Erika Zuchold (née Barth; 19 March 1947 – 22 August 2015) was an East German gymnast who competed at the European, World, and Olympic level from the mid-1960s to early 1970s.

She and Karin Janz were the two most significant (in terms of medals won at major championships) female German gymnasts of the era, leading the East German team to a bronze medal at the 1968 Olympics and a silver medal at the 1972 Olympics.

The highlight of Zuchold's career came at the 1970 World Championships, where she placed second in the individual all-around behind the Soviet Ludmilla Tourischeva and returned to win gold on both vault and balance beam in event finals.

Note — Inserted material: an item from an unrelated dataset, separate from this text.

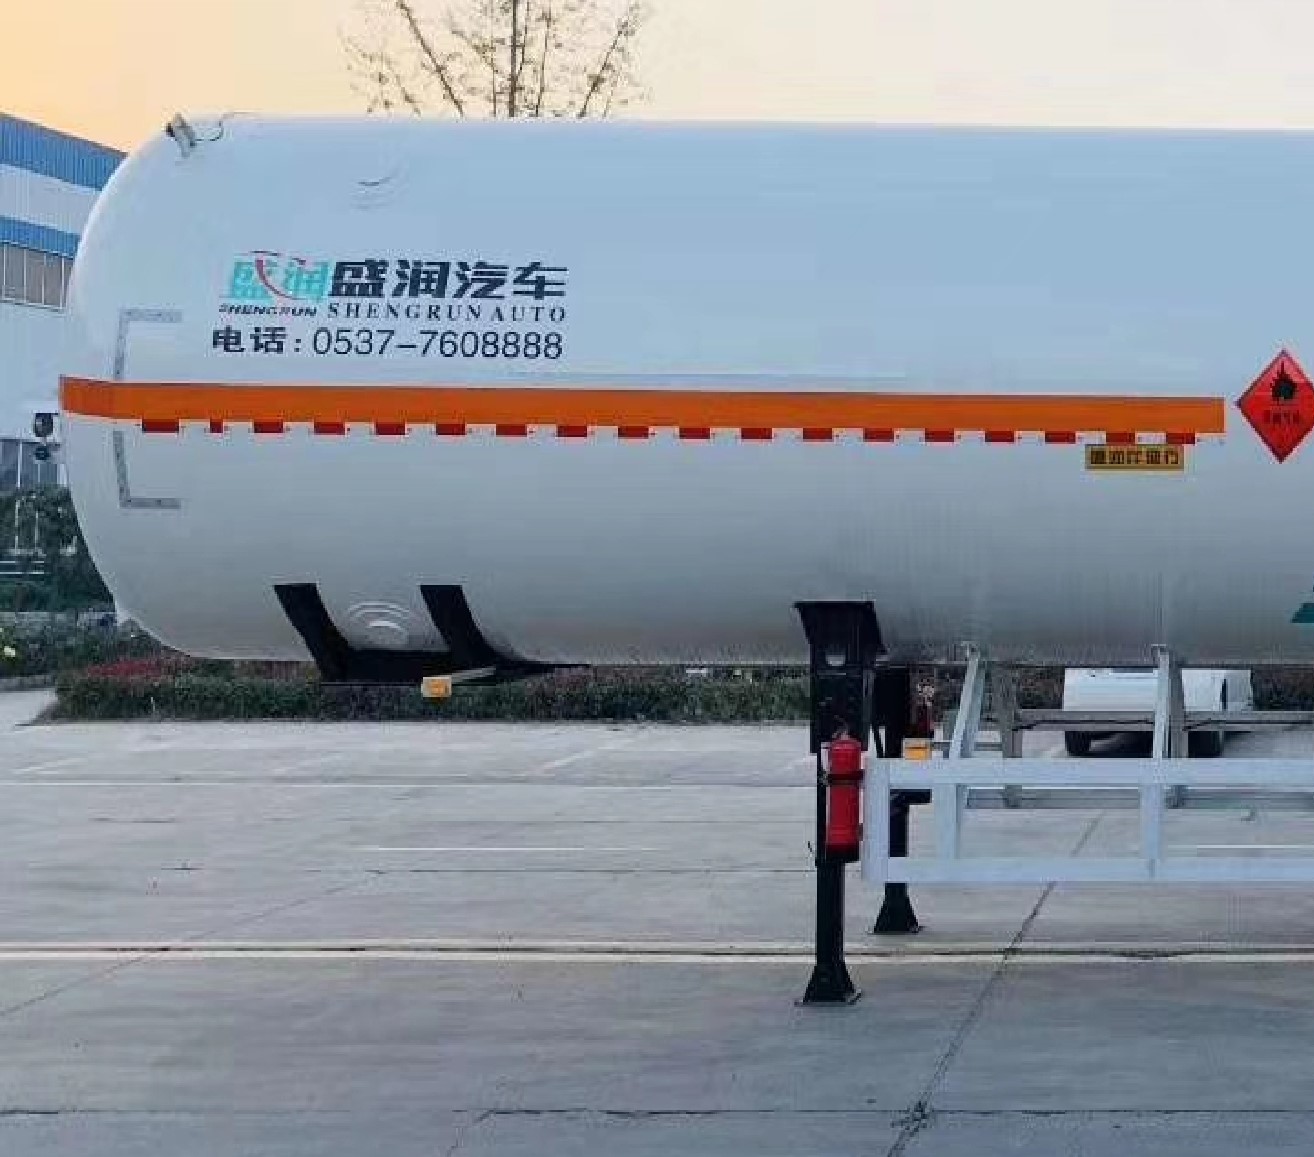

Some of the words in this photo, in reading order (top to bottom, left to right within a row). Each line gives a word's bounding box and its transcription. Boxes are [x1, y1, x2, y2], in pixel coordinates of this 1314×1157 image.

Zuchold is credited as being the first woman to perform a back handspring on balance beam in World or Olympic competition (at the 1966 World Championships), as well as one of the first two women, along with Věra Čáslavská at the 1968 Olympics, to complete a front handspring on balance beam. She also had a transition element named after her on uneven bars.

In her post-gymnastics career, she was a trapeze artist, a curator, an educator, and an abstract painter. In 2005, she was inducted into the International Gymnastics Hall of Fame.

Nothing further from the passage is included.